* **The problem**: Select and copy out every line in the records containing "AQUACULTURE".

━━━━━ Listed entries ━━━━━

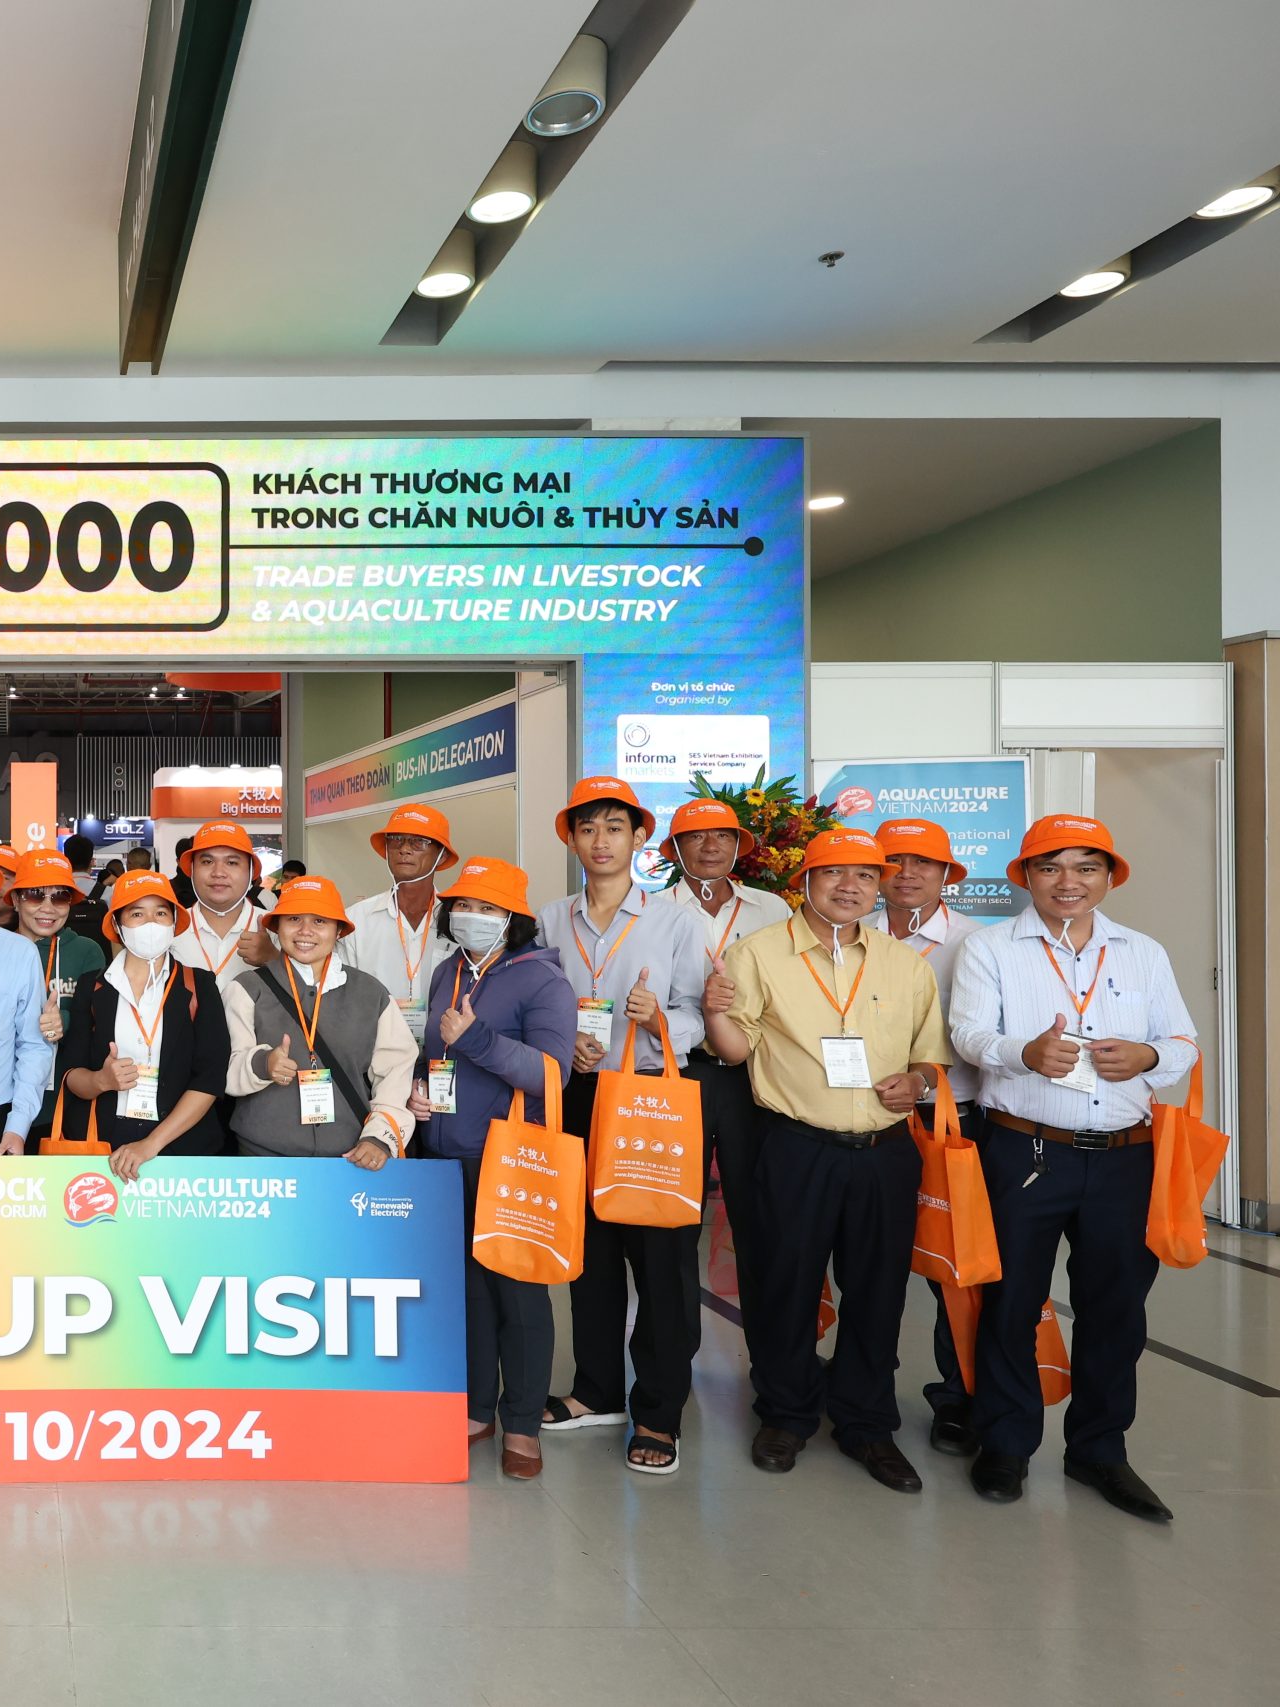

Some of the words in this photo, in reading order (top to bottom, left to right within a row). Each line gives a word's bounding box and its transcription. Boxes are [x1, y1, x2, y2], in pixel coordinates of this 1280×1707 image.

[252, 468, 363, 495] KHÁCH
[370, 468, 505, 495] THƯƠNG
[512, 470, 571, 500] MẠI
[252, 507, 360, 530] TRONG
[368, 500, 459, 529] CHĂN
[467, 500, 545, 529] NUÔI
[553, 506, 575, 530] &
[583, 498, 666, 529] THỦY
[675, 498, 739, 529] SẢN
[253, 564, 355, 588] TRADE
[362, 564, 486, 588] BUYERS
[491, 564, 526, 588] IN
[532, 564, 705, 588] LIVESTOCK
[252, 600, 273, 623] &
[277, 599, 513, 625] AQUACULTURE
[519, 599, 679, 623] INDUSTRY
[655, 695, 716, 706] Organised
[717, 695, 733, 706] by
[396, 752, 428, 783] BUS-IN
[429, 729, 506, 773] DELEGATION
[625, 752, 677, 764] informa
[625, 764, 675, 777] markets
[717, 761, 747, 769] Company
[326, 779, 346, 803] QUAN
[346, 773, 366, 795] THEO
[366, 763, 391, 790] ĐOÀN
[238, 786, 280, 801] 大牧人
[877, 786, 1009, 803] AQUACULTURE
[221, 802, 238, 817] Big
[240, 803, 282, 814] Herdsm
[105, 824, 144, 835] STOLZ
[948, 829, 1010, 840] national
[963, 884, 1011, 897] 2024
[988, 897, 1012, 905] (SECC)
[633, 1095, 671, 1110] 大牧人
[617, 1106, 632, 1117] Big
[634, 1107, 683, 1122] Herdsman
[517, 1145, 548, 1164] 大牧人
[501, 1155, 516, 1168] Big
[517, 1158, 559, 1177] Herdsman
[122, 1177, 297, 1199] AQUACULTURE
[370, 1202, 414, 1210] Renewable
[370, 1209, 409, 1219] Electricity
[139, 1275, 421, 1358] VISIT

━━━━━

* **Exercise result**:
[277, 599, 513, 625] AQUACULTURE
[877, 786, 1009, 803] AQUACULTURE
[122, 1177, 297, 1199] AQUACULTURE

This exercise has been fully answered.